Inner cities are harsh, unforgiving environments where the architecture is brutal and greenery is a luxury confined to the affluent suburbs. Everyday I say good morning to the little black lady cleaning the stairwell and she is my only community friend. Next door is a Spanish speaking family but I don’t know their names or what they do, and this is despite being their neighbour for over two years. All I do know is that they have the world’s most irritating dog and I can’t imagine what her shrill barking does for community relations. Apart from that I could die tomorrow and nobody on the estate would even notice. Living in a metropolis where nobody seems to care or know each other, it creates a social void where respect is very much a currency in decline.

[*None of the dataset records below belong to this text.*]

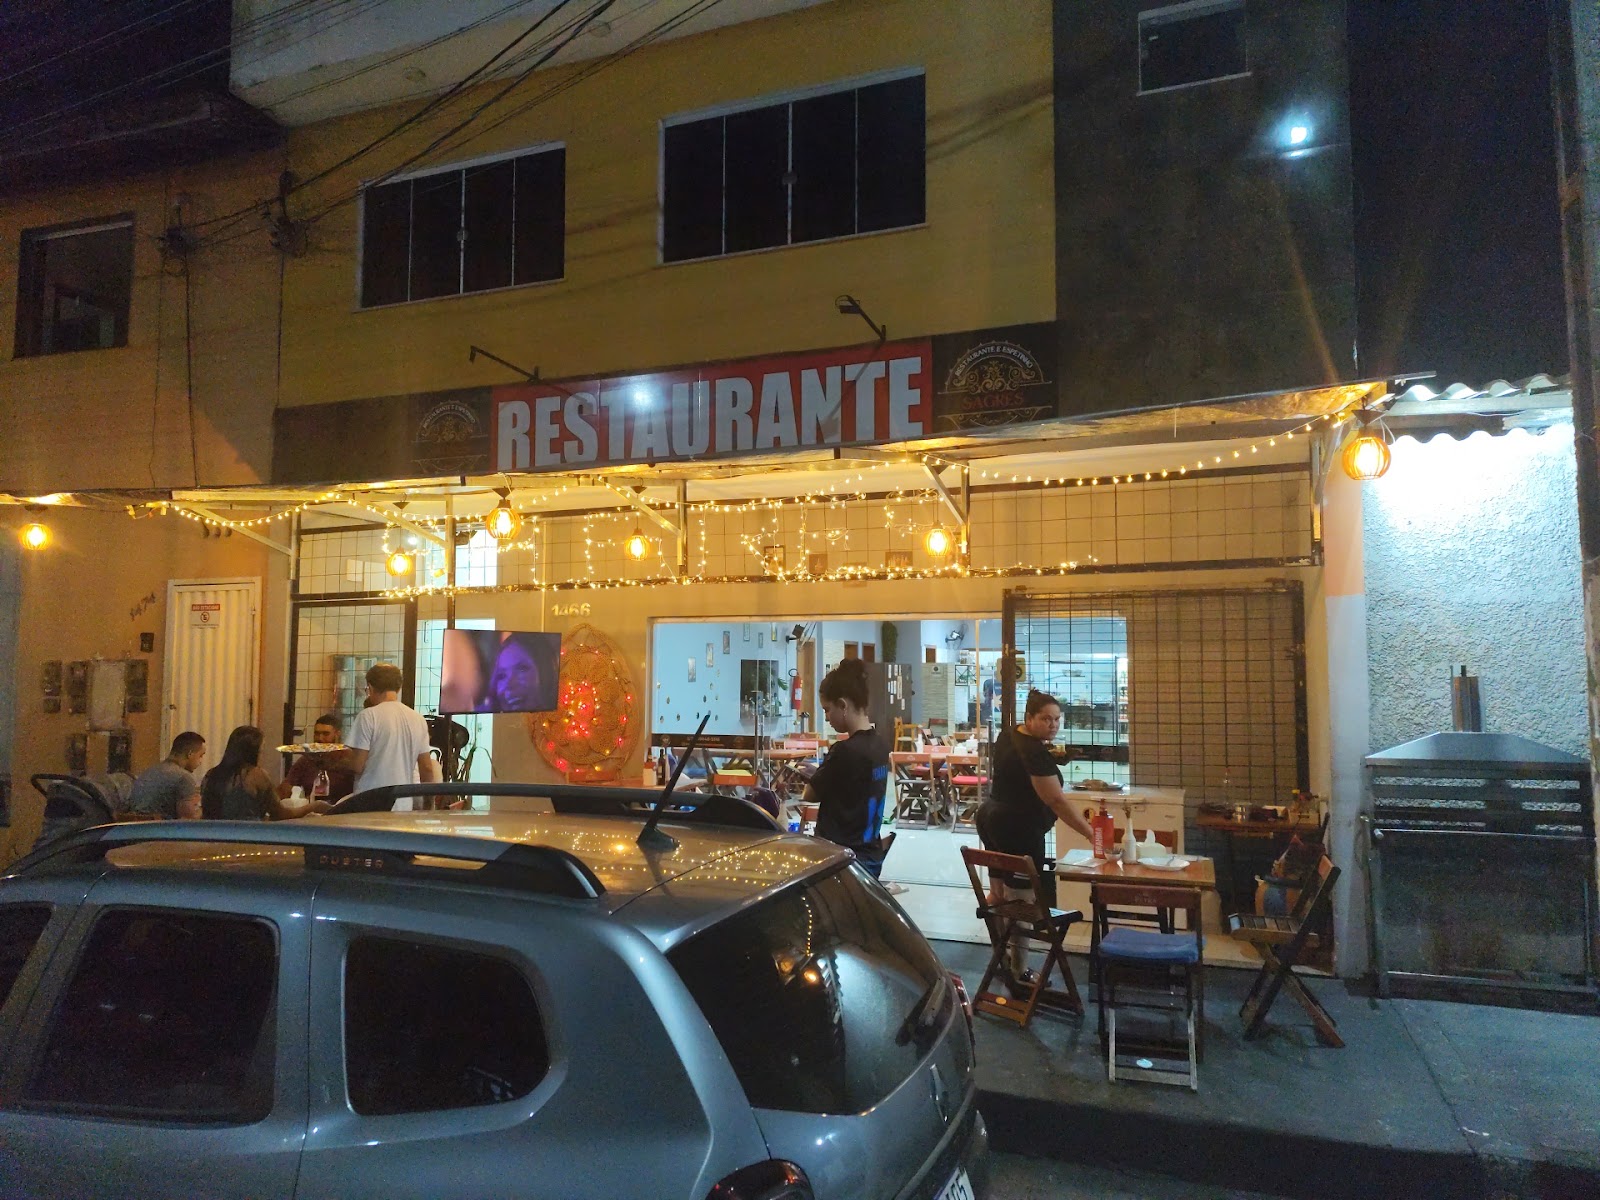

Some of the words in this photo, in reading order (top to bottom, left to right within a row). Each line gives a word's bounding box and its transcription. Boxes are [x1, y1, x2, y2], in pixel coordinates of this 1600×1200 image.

[955, 347, 995, 377] RESTAURANTE
[497, 356, 924, 472] RESTAURANTE
[551, 602, 591, 616] 1466
[319, 855, 384, 869] DUSTER
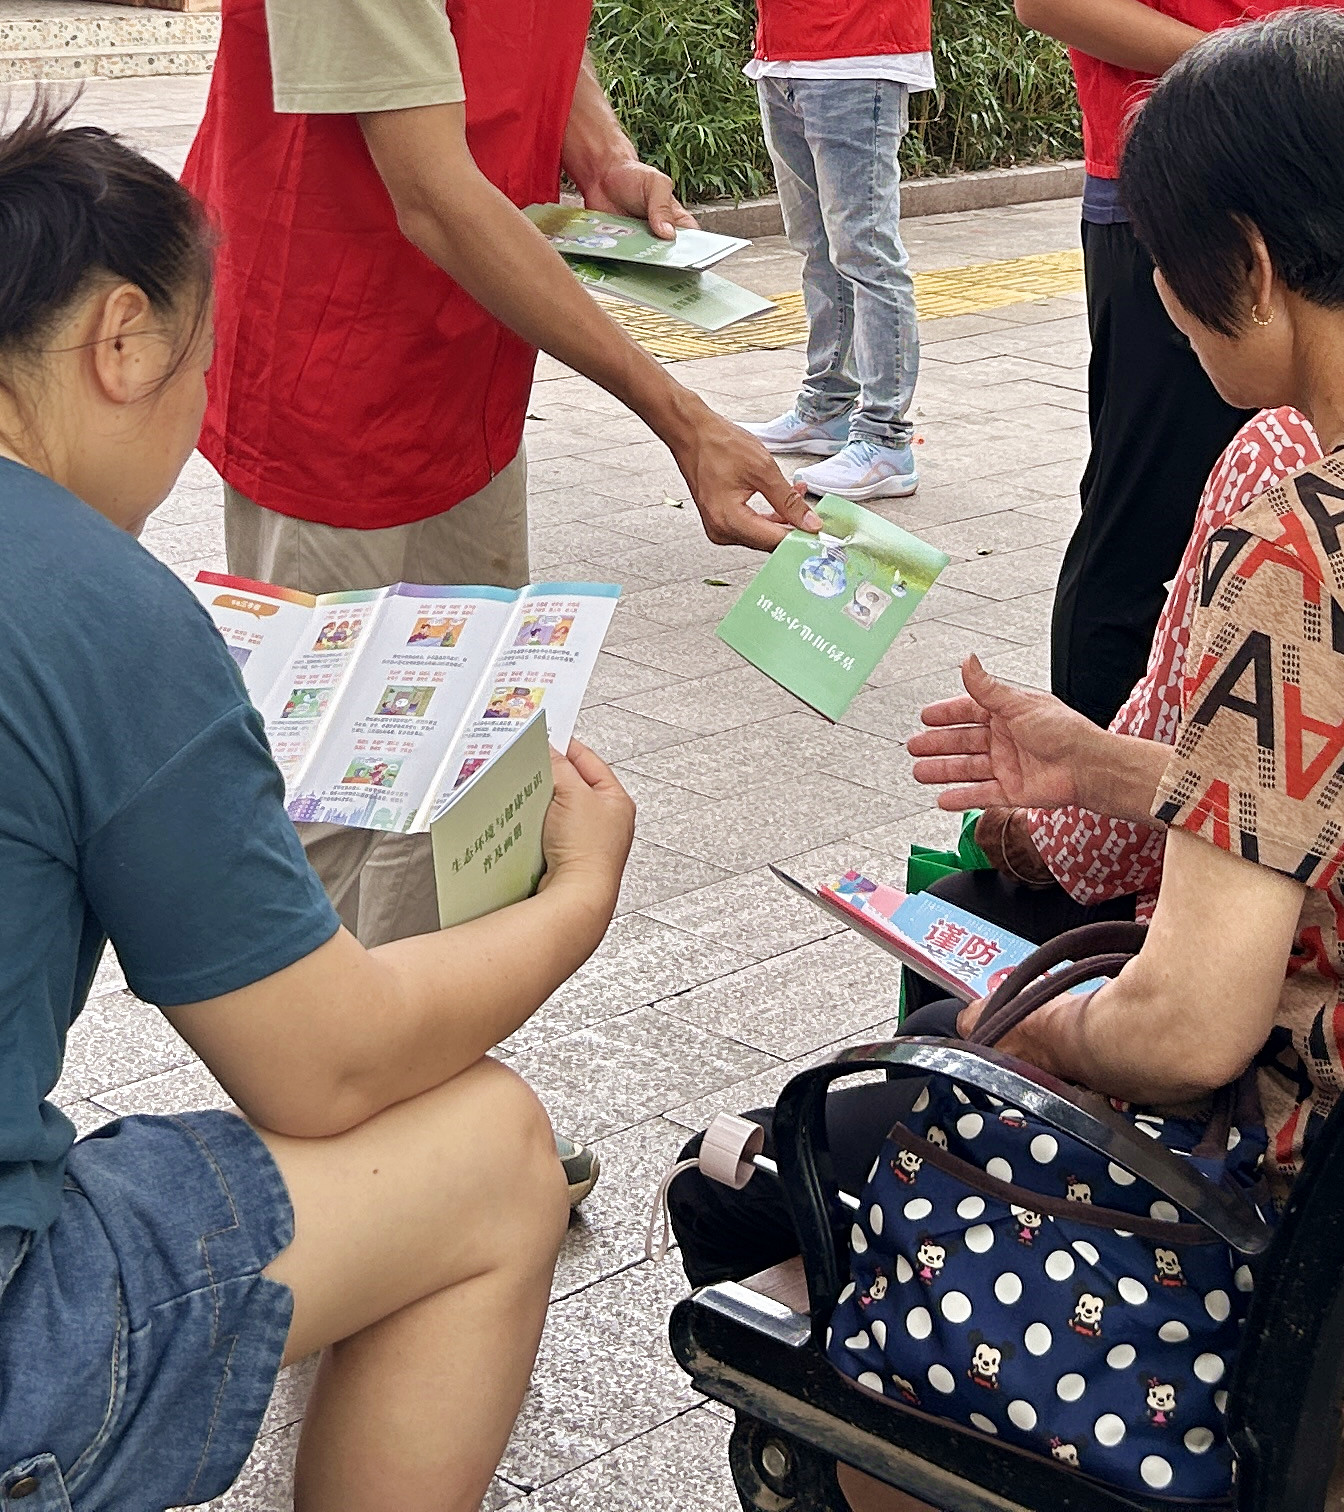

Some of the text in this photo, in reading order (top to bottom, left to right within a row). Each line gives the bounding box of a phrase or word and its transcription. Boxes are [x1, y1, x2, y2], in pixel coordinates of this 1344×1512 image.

[756, 593, 856, 672] 节约用电小常识
[923, 918, 1002, 966] 谨防

However, there is one family on the estate that everybody recognises but not in a good way. Sitting on their concrete patio with the door wide open, the family are a Channel 5 documentary in waiting. In fact they represent a grotesque parody of Britain’s ‘Sick Society’. The kids are always topless and sit outdoors next to a flea ridden mattress, with streams of rubbish spilling out from the hallway onto the pavement. Sipping tins of cider and low price lager all day long, the fat family provide a comic spectacle to an otherwise faceless community.

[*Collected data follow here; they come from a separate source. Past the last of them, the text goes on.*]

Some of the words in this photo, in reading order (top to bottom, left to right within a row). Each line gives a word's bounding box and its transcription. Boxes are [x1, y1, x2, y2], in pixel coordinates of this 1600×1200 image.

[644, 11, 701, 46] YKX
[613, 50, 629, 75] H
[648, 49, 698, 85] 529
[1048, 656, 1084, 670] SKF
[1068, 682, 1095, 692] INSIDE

Outside their kitchen window, they have a carved wooden emblem stating ‘Hello, Welcome and Piss Off’ as a greeting to strangers. Presumably this is to ward off evil spirits. Sadly it tells you all you ever needed to know about this family. Such charming manners don’t usually encourage people to ask about their well being. One can only wonder if their kids took part in the rioting this week. On the surface they suffer from all the swamp conditions of a sick society – poverty, boredom, unemployment and a perennial lack of space. But judging by the size of them rioting would probably seem like far too much work. Violence has now spread to other English cities with similar social conditions. Meanwhile across the road at the Co-op, the sad lonely man remains dead-eyed and aloof, swiping hummus, Galaxy chocolate and copies of The Guardian to familiar looking strangers.

Up a Gumtree

Gumtree has played a part in most people’s lives since its conception in 2000. Providing the great British public with many of its essential needs for well over a decade – whether it’s a new shed, one night stand or an unhinged flatmate, the online classified website has it all. On forming part of our digital furniture like television adverts and BBC weathermen did in the 1980s, the website provides a universal portal for people to share, trade and form new relationships. Embraced by the illiterate and super educated alike, Gumtree has cut through social and racial differences and provides a welcoming home for everyone in society.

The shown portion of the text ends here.